The U.S. Congress recently used its considerable weight to overturn a bizarre technicality that had sidelined the plan of operations for the Crown Jewel gold project in the Okanagon Highlands of Washington state. The unexpected development was good news for joint-venture partners Battle Mountain Gold and Crown Resources, and for the entire mining industry. After seven long years of permitting and obstacle-jumping, Crown Jewel is back on the road to production.
However, before popping any champagne corks, it’s important to realize that the Crown Jewel about-face is a small victory, relative to the war of survival the mining industry has been waging these past few decades. And even this small victory was won by political muscle, rather than on its legal merits.
The American mining industry has no friend in Secretary Bruce Babbitt and his Department of the Interior. For years now, Babbitt has resorted to underhanded means to keep mining out of America. Pulling the rug out from under the Crown Jewel project was but the latest salvo in an anti-mining barrage.
In March, the departments of Interior and Agriculture vacated a plan of operation and voided a record of decision for Crown Jewel on a technicality over the number of mill site claims relative to lode claims.
Had Babbitt’s action been allowed to stand, it would have held mining companies to a strict interpretation of a clause that allows only one 5-acre mill site claim for every lode claim. And that would have had negative implications for all large-scale mining projects.
The ruling was both unexpected and unprecedented. During Crown Jewel’s long years of permitting, only once had this discrepancy been revealed (and then only in a minor document). Government officials never said the discrepancy was a critical one, and allowed permitting to continue as though nothing was wrong.
A reasonable person might suspect that Babbitt’s intent was to sabotage Crown’s 7-year struggle to secure permits for the operation. Recent court cases in Washington state and at the federal level had failed to stop development of the mine, which was only a step or two away from becoming a reality.
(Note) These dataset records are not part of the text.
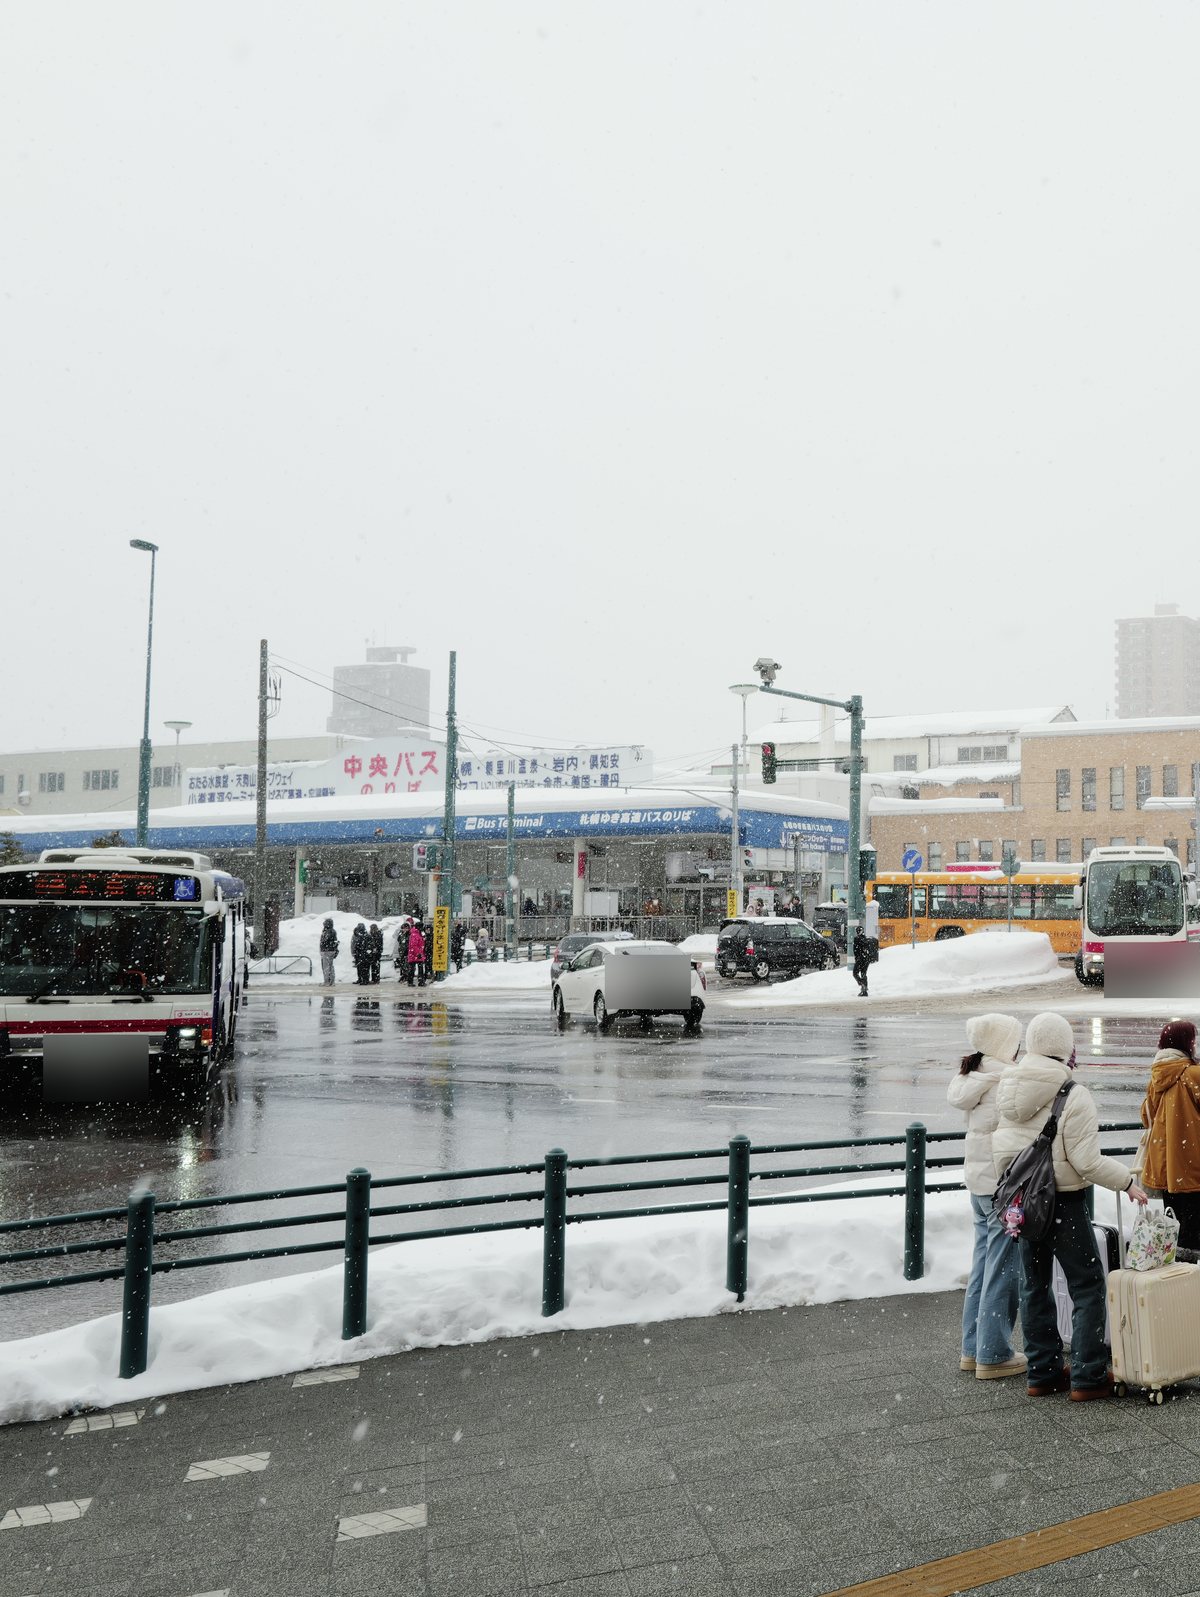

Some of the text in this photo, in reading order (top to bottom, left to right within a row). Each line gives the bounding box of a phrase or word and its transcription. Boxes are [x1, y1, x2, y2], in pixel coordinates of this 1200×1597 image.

[344, 751, 439, 779] 中央バス
[456, 753, 619, 776] 幌・朝里川温泉・岩内・倶知安
[360, 780, 421, 794] のりば
[476, 815, 544, 829] Bus Teminal
[580, 809, 697, 825] 札幌ゆき高速バスのりば
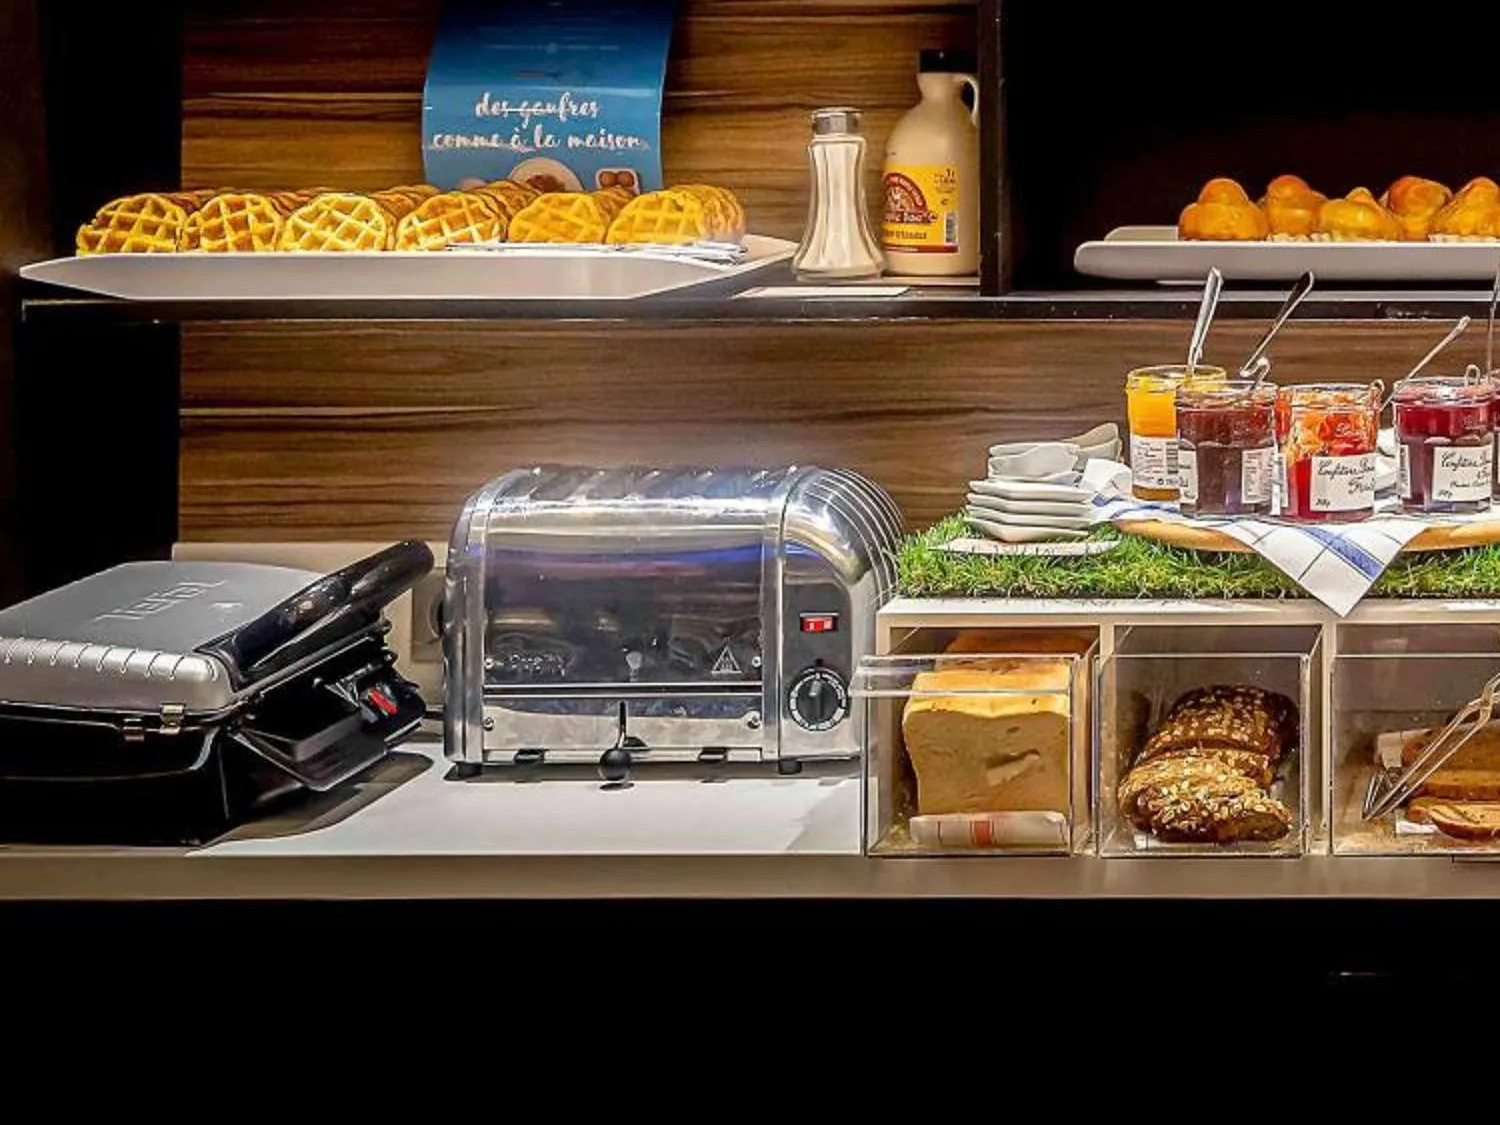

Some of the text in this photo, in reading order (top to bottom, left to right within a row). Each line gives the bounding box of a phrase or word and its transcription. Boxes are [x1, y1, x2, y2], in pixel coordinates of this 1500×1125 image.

[475, 91, 600, 129] des gaufres
[431, 123, 645, 151] comme à la maison
The mill site discrepancy was Babbitt’s ace-in-the-hole, a technicality that effectively put the project on hold.
The reaction from the mining community was immediate and vocal. The industry lobbied lawmakers to do something to correct the injustice.
Slade Gorton, Republican senator for Washington state, stepped up to the plate, attaching approval of the gold mine on to a supplemental appropriations bill to approve US$15 billion in military spending for the war in Kosovo, as well as relief for victims of Hurricane Mitch in Central America, and victims of tornadoes in Oklahoma.
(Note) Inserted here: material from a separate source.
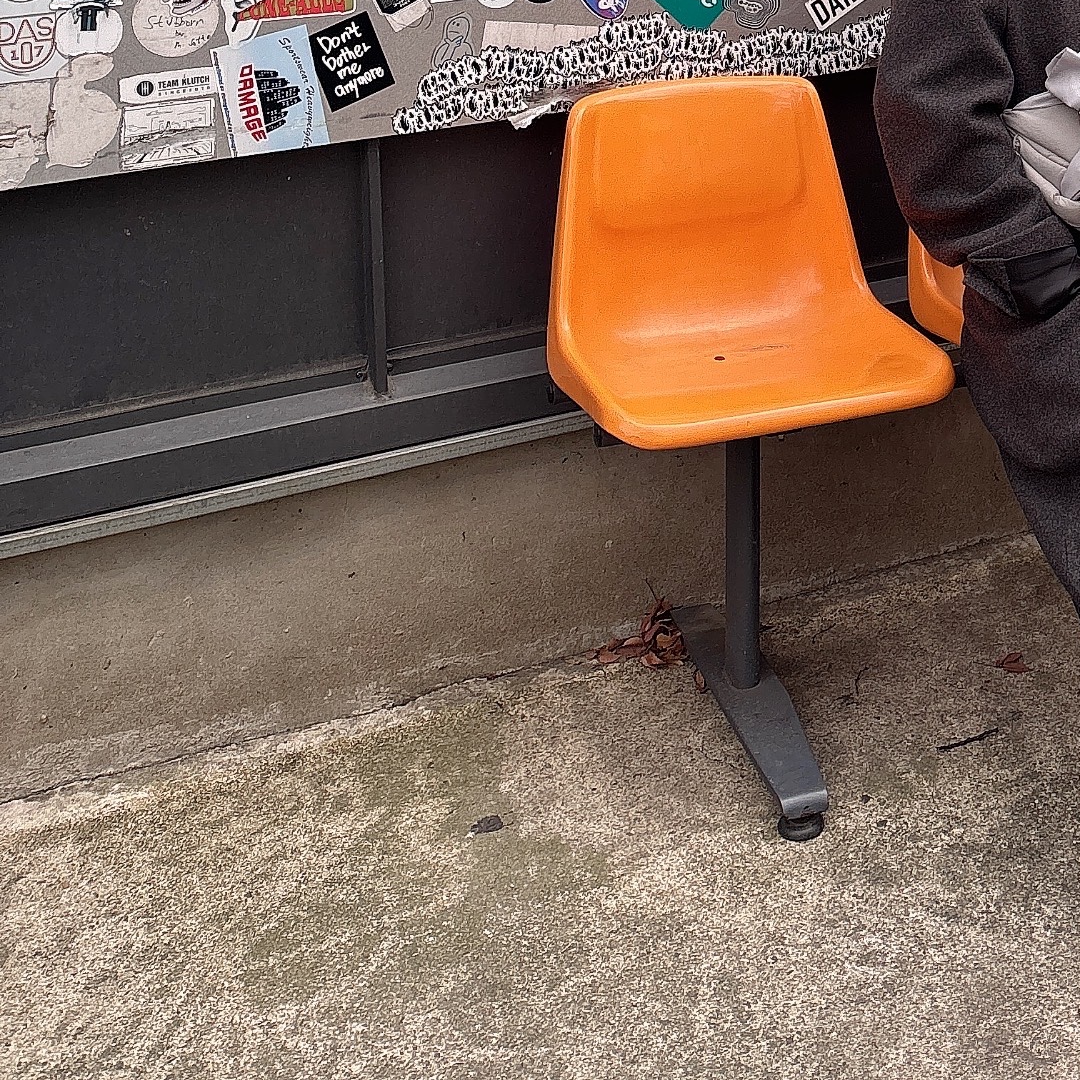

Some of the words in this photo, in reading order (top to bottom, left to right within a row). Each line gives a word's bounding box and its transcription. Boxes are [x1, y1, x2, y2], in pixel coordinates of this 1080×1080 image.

Gorton used an emergency bill, which received bipartisan support, in order to bypass an administration that has shown little or no interest in supporting the American mining industry.
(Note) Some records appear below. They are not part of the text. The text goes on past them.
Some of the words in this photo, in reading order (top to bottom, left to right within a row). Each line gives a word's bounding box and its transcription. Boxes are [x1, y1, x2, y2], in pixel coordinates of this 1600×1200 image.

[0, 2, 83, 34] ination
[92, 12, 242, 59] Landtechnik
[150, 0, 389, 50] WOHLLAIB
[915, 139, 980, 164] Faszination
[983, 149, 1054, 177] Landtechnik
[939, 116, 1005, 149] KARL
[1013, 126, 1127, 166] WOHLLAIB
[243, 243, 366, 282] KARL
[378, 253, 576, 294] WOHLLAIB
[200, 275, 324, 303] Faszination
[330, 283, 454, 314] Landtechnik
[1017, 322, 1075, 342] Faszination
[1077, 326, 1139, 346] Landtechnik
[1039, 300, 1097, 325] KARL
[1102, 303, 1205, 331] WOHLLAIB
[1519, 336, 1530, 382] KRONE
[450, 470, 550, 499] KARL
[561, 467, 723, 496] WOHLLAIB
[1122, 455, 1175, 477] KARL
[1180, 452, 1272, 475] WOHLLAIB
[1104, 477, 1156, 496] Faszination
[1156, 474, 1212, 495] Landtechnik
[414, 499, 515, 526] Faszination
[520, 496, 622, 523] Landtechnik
One might argue that approving Crown Jewel as a “rider” on a more important bill was not the ideal way to resolve the situation. After all, the dispute was not settled by rule of law, science or reason, but as manoeuvre around a government bureaucrat with a blatant bias against mining. And although gold mining clearly has little to do with the war in the Balkans, one could make the case that the dismal gold price has laid waste to the industry, in much the same way as tornadoes have ravaged Oklahoma.
There was a risk, too, that environmentalists would point their collective finger at Gorton, as chairman of the senate appropriations committee, and at lobbyists for the National Mining Association, to show how big business stomps over individuals and the environment.
Gorton, who represents the citizens of Washington state and is known for his love of riders that benefit local constituents, has already received flak for his efforts on behalf of Crown Jewel, thereby thrusting closed-door politics into the national spotlight.
In an ideal world, the issue would have been settled on its own merits. Instead, Crown Jewel became a political football, largely because Babbitt’s hardline, anti-mining stance poisoned any chance of negotiating a fair settlement.
Until Babbitt made his move at Crown Jewel, regulators had not held up other operations by citing the mill site claims technicality. Now that this specific dispute has been taken off the table, will other projects be affected? And if Babbitt attempts to use the technicality again to stall another project, will the owners have to seek a political saviour, as was the case with Crown Jewel?
Also unresolved is the underlying issue of differing interpretations about the adequacy of the 1872 Mining Law on the eve of the 21st century. And the industry still has to work at convincing the public that mining is a necessary and responsible part of the American economy.
We may have won the battle over Crown Jewel, thanks to the efforts of the industry and Senator Gorton. But much work remains to be done to win the war.